I have a repository which contain huge commits, so I can't check the commits one by one.

I want to find which commit deleted the files, I already try these command but no luck.

1.

git log --all --stat -- "file_path"

This show only my insert commit, but no deleted one.

2.

git log --full-history --all --stat -- "file_path"

This show a lot of commits, and most of them are merge commit, which not even touch the files.

3.

git log --full-history --all --simplify-merges --stat -- "file_path"

This does show a commit which delete the files, but it doesn't, because the commit is just a merge commit.

Any other way that I can try?

Also I have try delete some files and commit it to test if the command is work or not, and it work fine.

So maybe someone use some special way to delete the files?

min
  • 953
  • 1
  • 11
  • 23
  • 2
    "This does show a commit which delete the files, but it doesn't, because the commit is just a merge commit." A merge commit can be the commit that deleted the files. Why not? – matt Oct 20 '22 at 11:21
  • @min : what elements lead you to think that the commit that deletes said file doesn't appear in the output ? can you add the output of one of your `git log` commands ? you may have a clearer output using `--name-status` rather than `--stat` – LeGEC Oct 20 '22 at 11:24
  • @matt yes, you are right, I'm sorry not to explain more, I did check the merge commit, but it show nothing about the deleted files. – min Oct 20 '22 at 11:33
  • @LeGEC I try `--name-status` with 3rd command, now it show the "D" mark in front of the files. – min Oct 20 '22 at 11:38
  • ok, out of curiosity : `git log --graph --oneline --all --name-status -- "file_path"`, does that command show a commit that deletes `file_path` ? are there any renames mentioned in the history ? – LeGEC Oct 20 '22 at 11:45
  • @LeGEC I test the `git log --graph --oneline --all --name-status -- "file_path"`, it only show some A or M commits about the files. – min Oct 20 '22 at 13:08
  • "I did check the merge commit, but it show nothing about the deleted files" Commits don't tell you _anything_ (except their commit message etc). You have to _interrogate_ them if you want to know how they affect the overall history. Typically you do that with `diff` or `show`. I suggest that if you _diff_ this merge commit against its first parent (`git diff ^1`) you will find that this commit _was_ where the deletion happened, just as Git has already told you. – matt Oct 21 '22 at 11:29

1 Answers1

2

You mentioned that:

This does show a commit which delete the files, but it doesn't, because the commit is just a merge commit.

A merge commit that deletes the files ... deletes the files.

Now, looking at the merge commit, you may not "see" a deletion. That's because of the way Git normally shows a commit. Each commit really does hold a snapshot: a full set of all files that will be used from here on, except to the extent that things change in the any later snapshot.

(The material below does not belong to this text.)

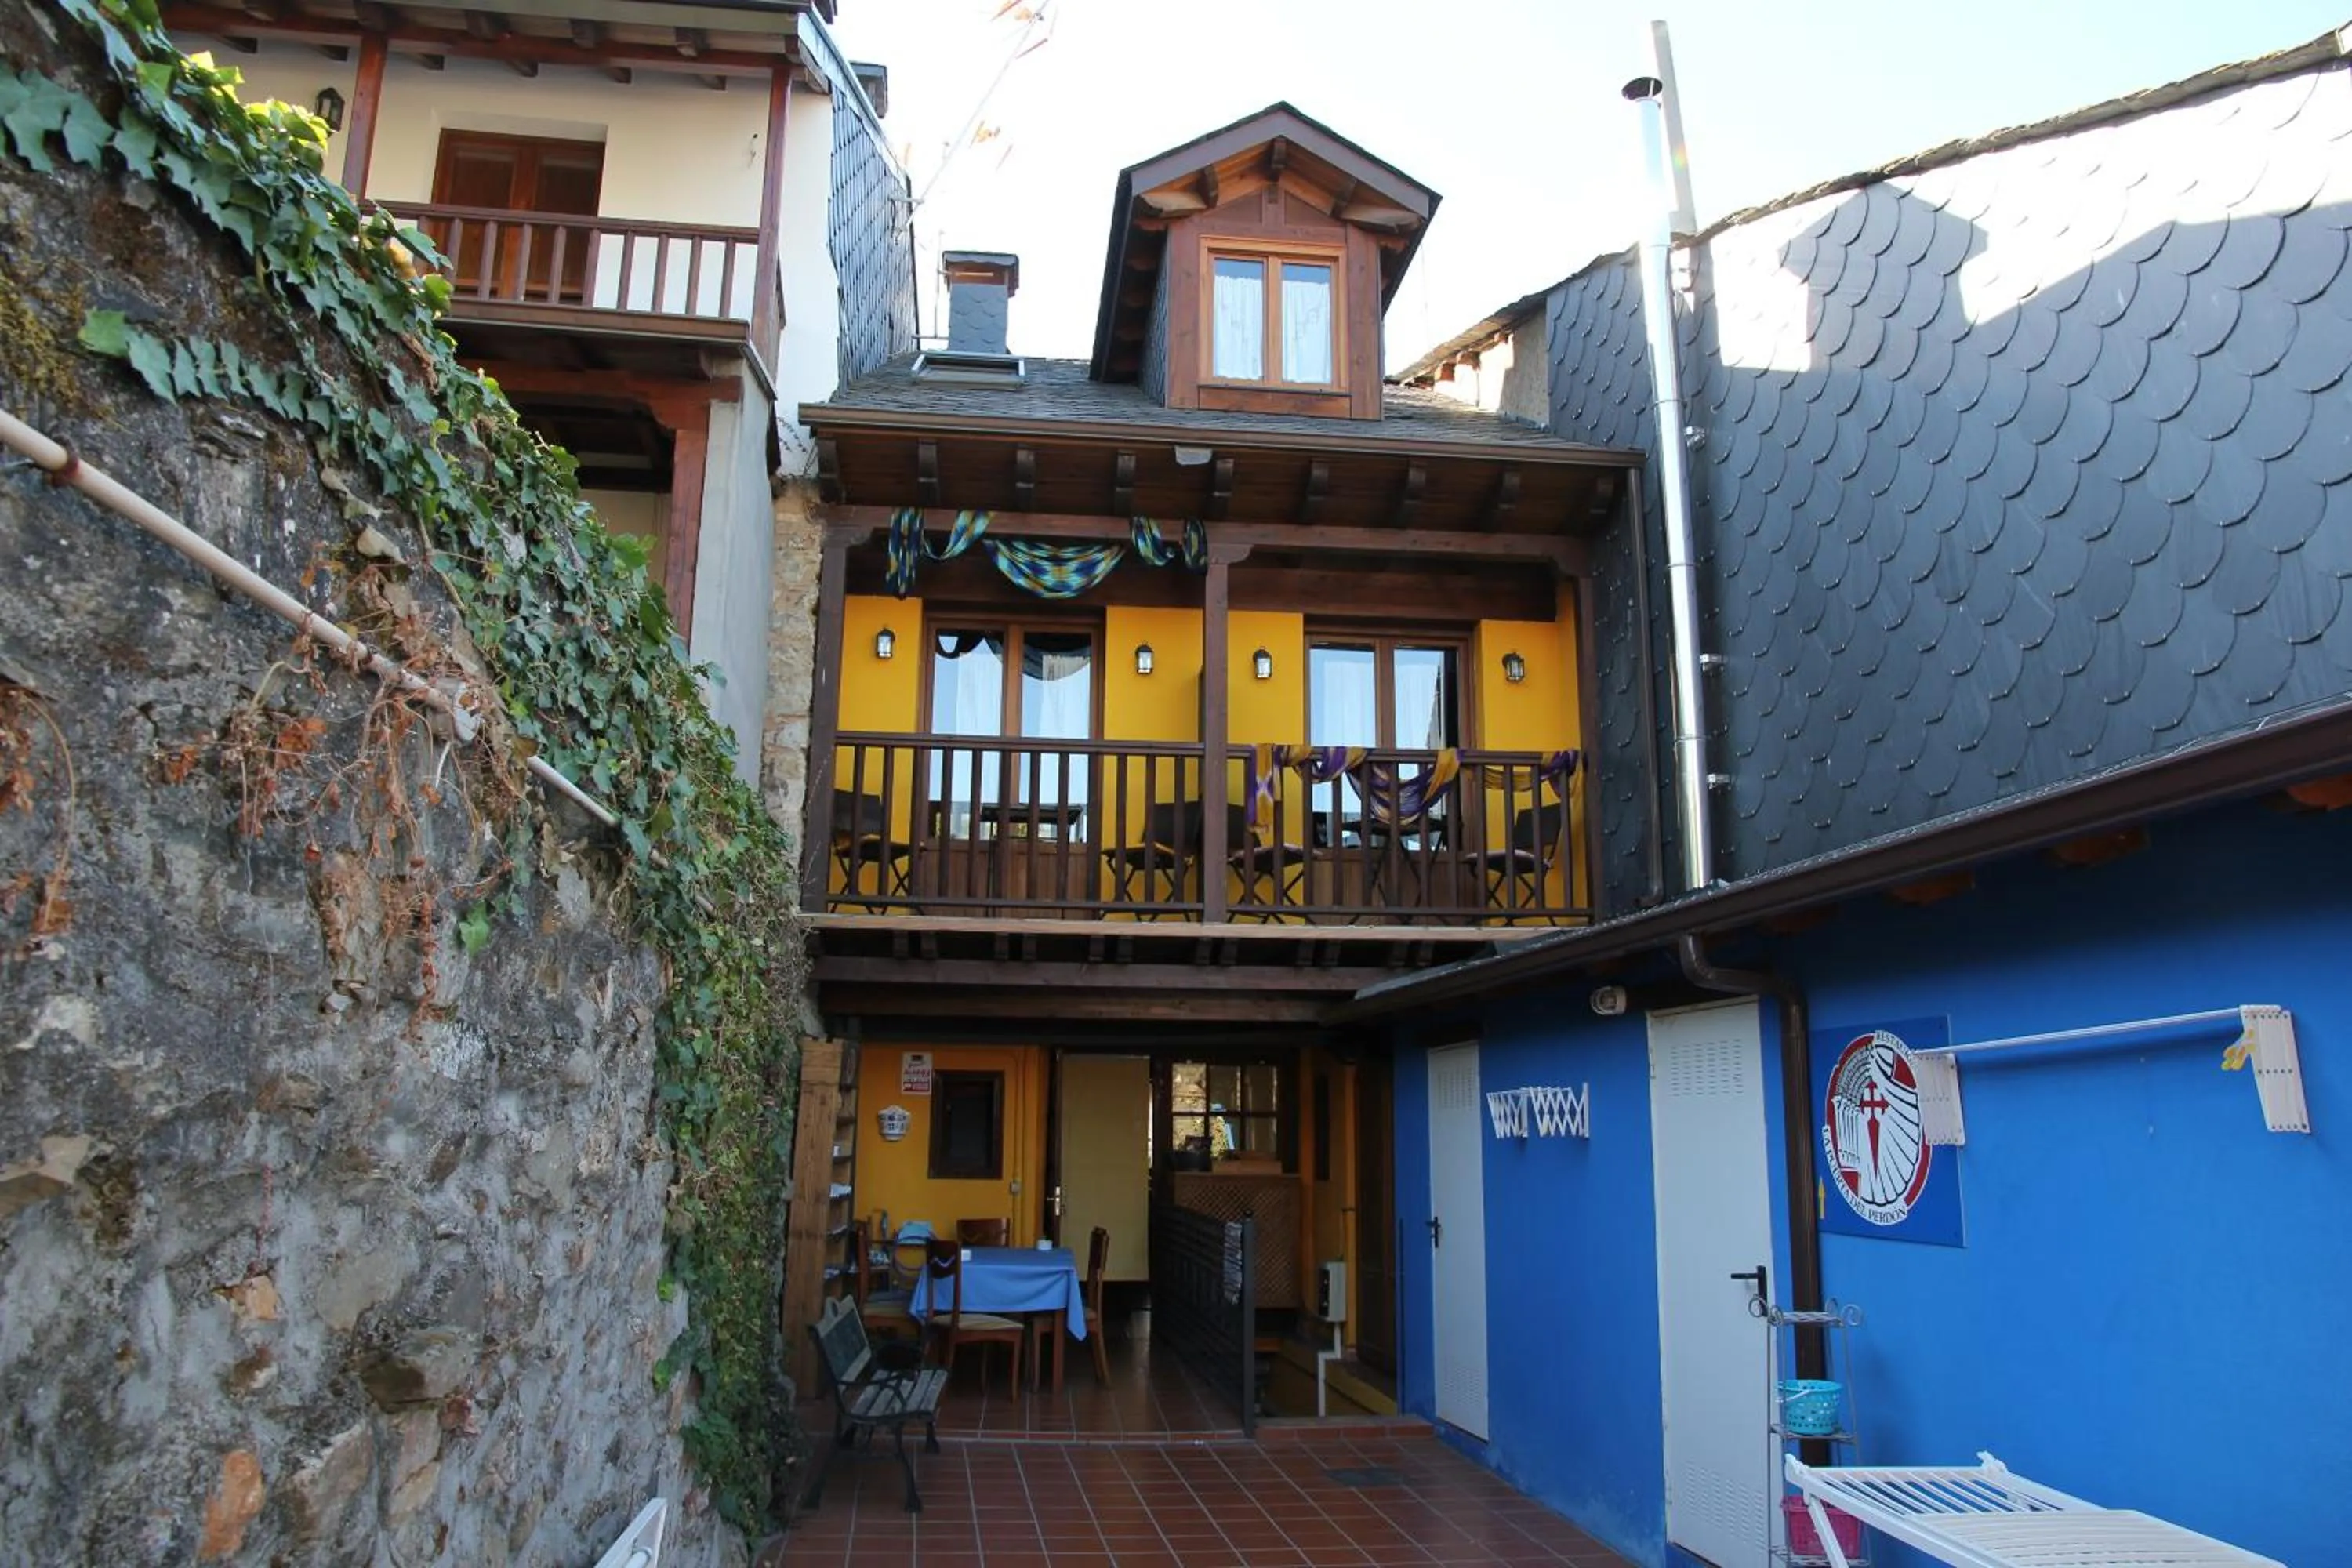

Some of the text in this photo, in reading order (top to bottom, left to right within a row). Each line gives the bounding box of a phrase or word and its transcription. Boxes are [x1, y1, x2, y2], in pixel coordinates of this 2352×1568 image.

[1823, 1128, 1831, 1145] LA
[1827, 1149, 1850, 1198] PUERTA
[1849, 1195, 1864, 1214] DEL

But we don't normally want to see every file. If:

git show a123456

showed us exactly the set of files that git switch --detach a123456 would get us, that wouldn't be all that useful. (If we want to see the set of files in the commit, we just check out that commit, with said git switch or the old git checkout equivalent.)

Instead, for an ordinary—i.e., non-merge, non-root—commit, git show locates not just the commit itself and its files, but also the commit's parent commit, and that commit's snapshot. So if a123456 has parent 987654b, git show a123456 will:

  • extract 987654b to a temporary area (in memory, really, and Git takes shortcuts);
  • extract a123456 to a temporary memory area likewise; and
  • compare the two snapshots.

It then tells us what changed between them, having played a game of Spot the Difference with the two snapshots.

That's great for regular everyday ("ordinary") commits, which have just the one parent. It does not work for:

  • merge commits, which have two or more parents;
  • root commits, which have no parent.

There's a simple fix that Git uses for a root commit: Git just pretends that there is a parent commit whose snapshot is the empty tree, so that the difference between the non-existent parent commit and the very first commit is that every file is added.

But for merge commits, it's not clear what to do. Git could:

  • compare against the first parent;
  • compare against the second parent;
  • compare, one at a time, against each parent and print multiple diffs; or
  • something else.

Both git log and git show choose the last option by default, but each one chooses a different "something else":

  • git log -p chooses not to show anything. That's pretty clearly not so great; you may wish to add flags to make it show something.
  • git show chooses to produce what Git calls a combined diff, by default.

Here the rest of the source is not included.